The problem: Without the pictures, output the records below exactly as they are.

Records from a collection
-------

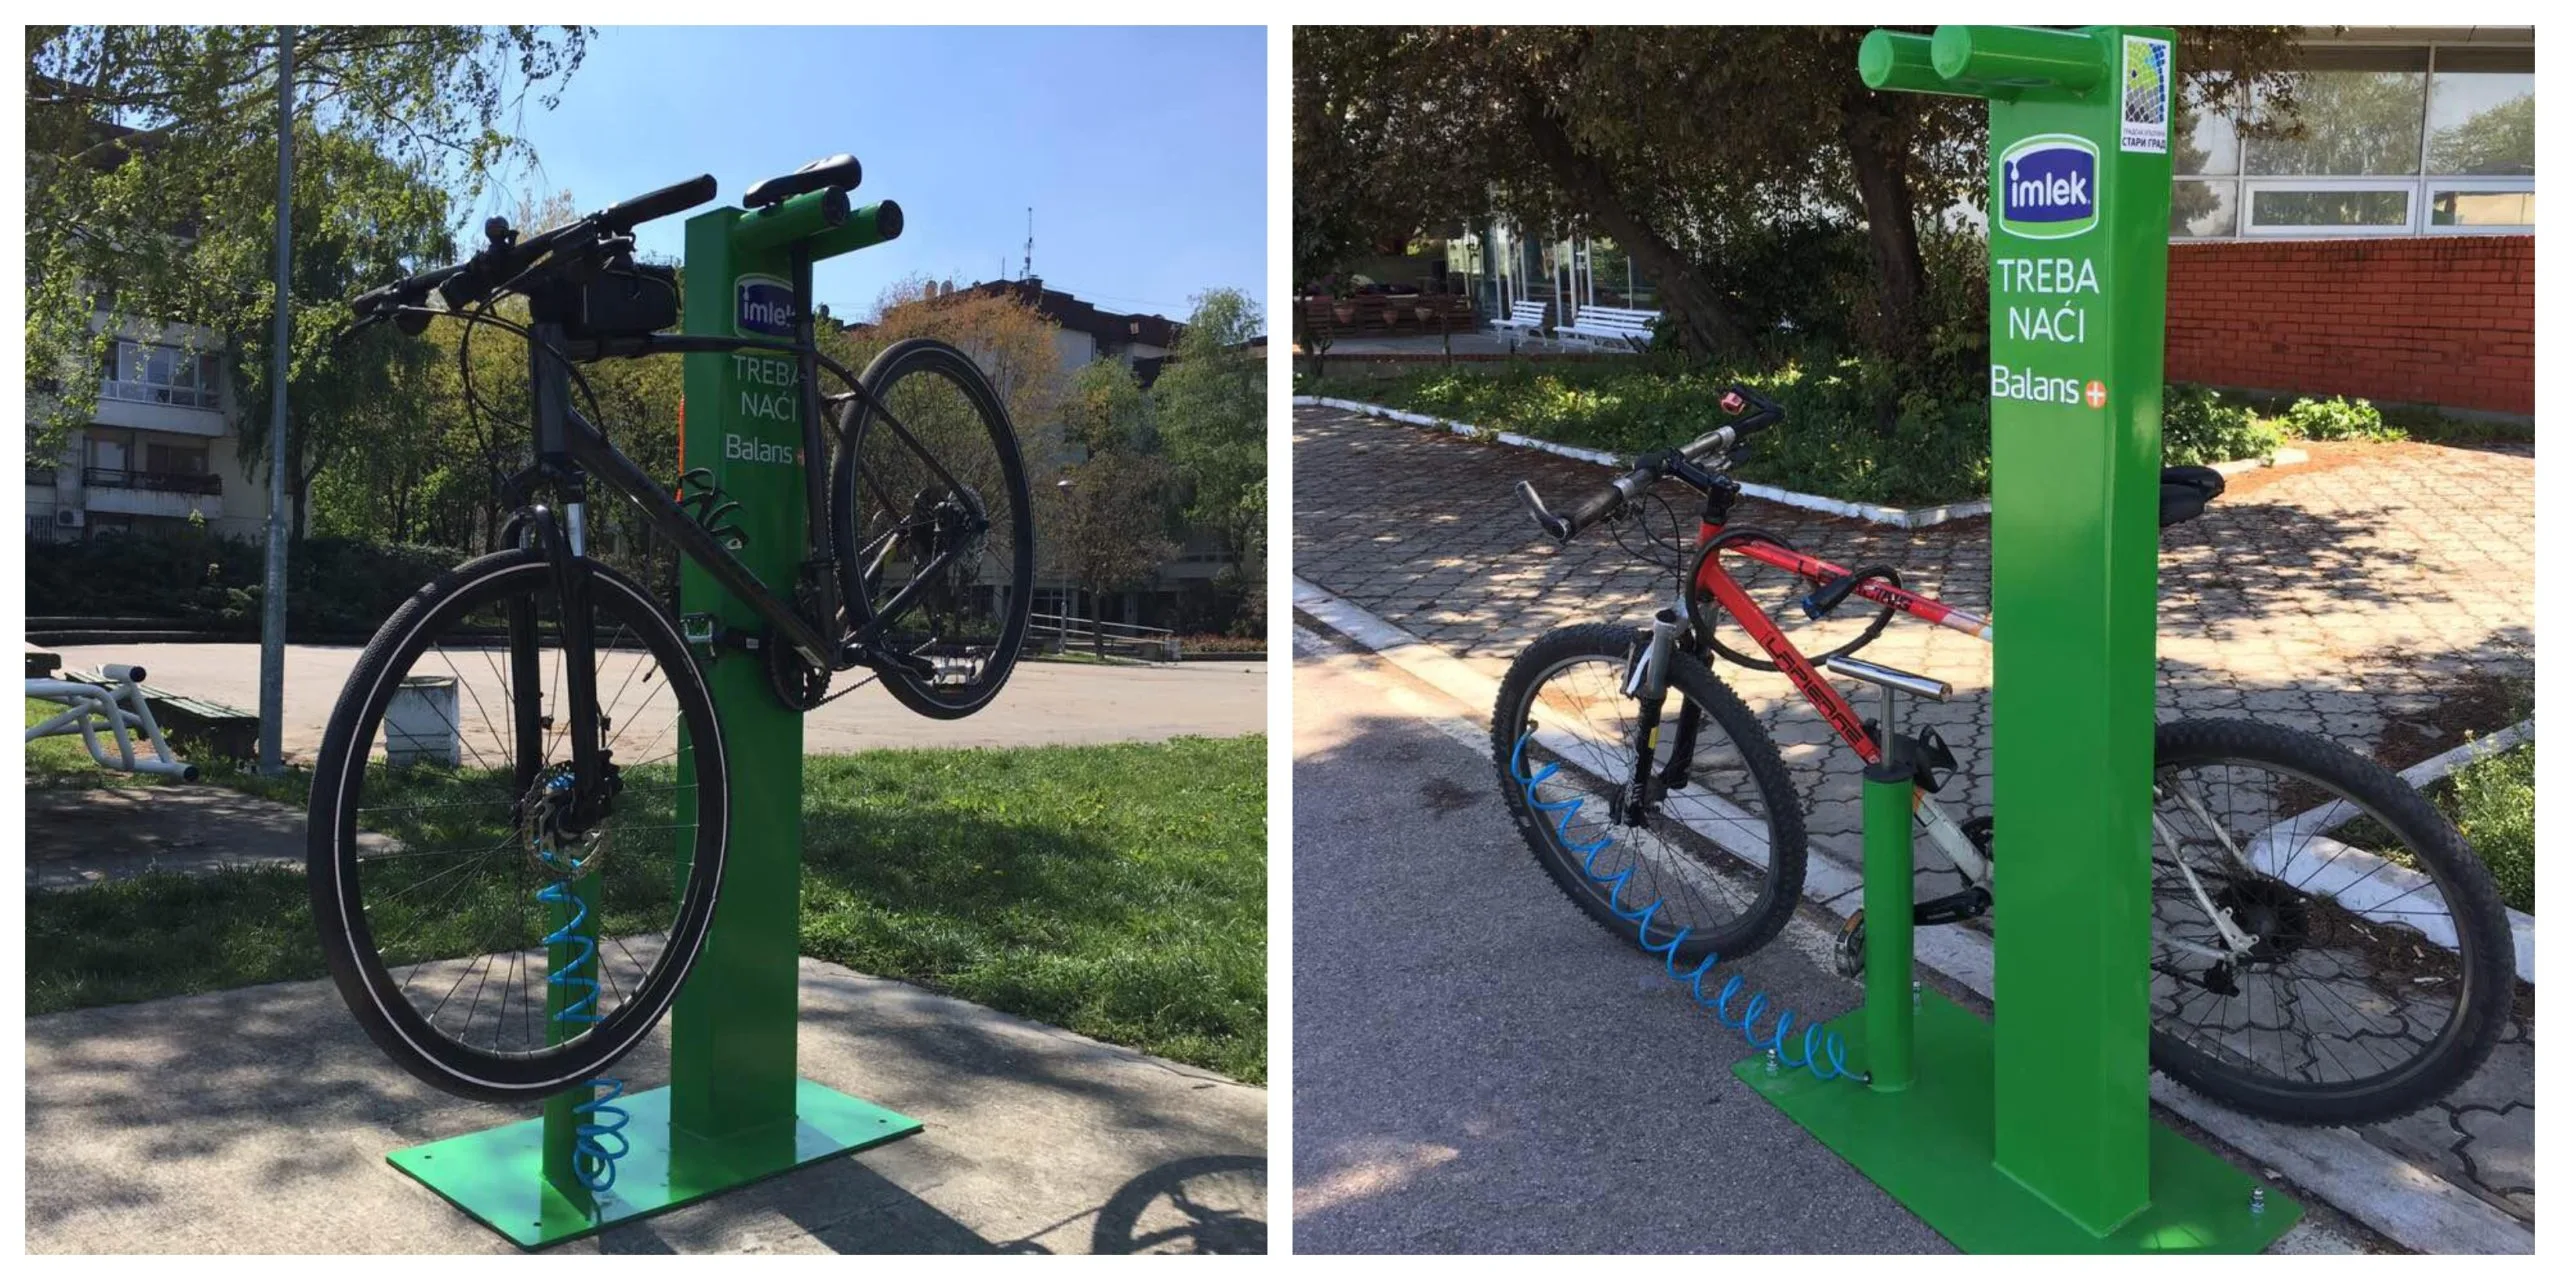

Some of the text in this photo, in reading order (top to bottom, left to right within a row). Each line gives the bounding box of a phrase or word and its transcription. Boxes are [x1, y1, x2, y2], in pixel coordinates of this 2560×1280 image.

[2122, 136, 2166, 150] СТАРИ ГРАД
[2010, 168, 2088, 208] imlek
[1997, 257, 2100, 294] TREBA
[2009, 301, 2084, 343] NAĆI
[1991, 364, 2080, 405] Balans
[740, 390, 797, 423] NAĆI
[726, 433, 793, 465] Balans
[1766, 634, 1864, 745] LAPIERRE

-------

Result:
Some of the text in this photo, in reading order (top to bottom, left to right within a row). Each line gives the bounding box of a phrase or word and its transcription. Boxes are [x1, y1, x2, y2], in pixel coordinates of this 2560×1280 image.

[2122, 136, 2166, 150] СТАРИ ГРАД
[2010, 168, 2088, 208] imlek
[1997, 257, 2100, 294] TREBA
[2009, 301, 2084, 343] NAĆI
[1991, 364, 2080, 405] Balans
[740, 390, 797, 423] NAĆI
[726, 433, 793, 465] Balans
[1766, 634, 1864, 745] LAPIERRE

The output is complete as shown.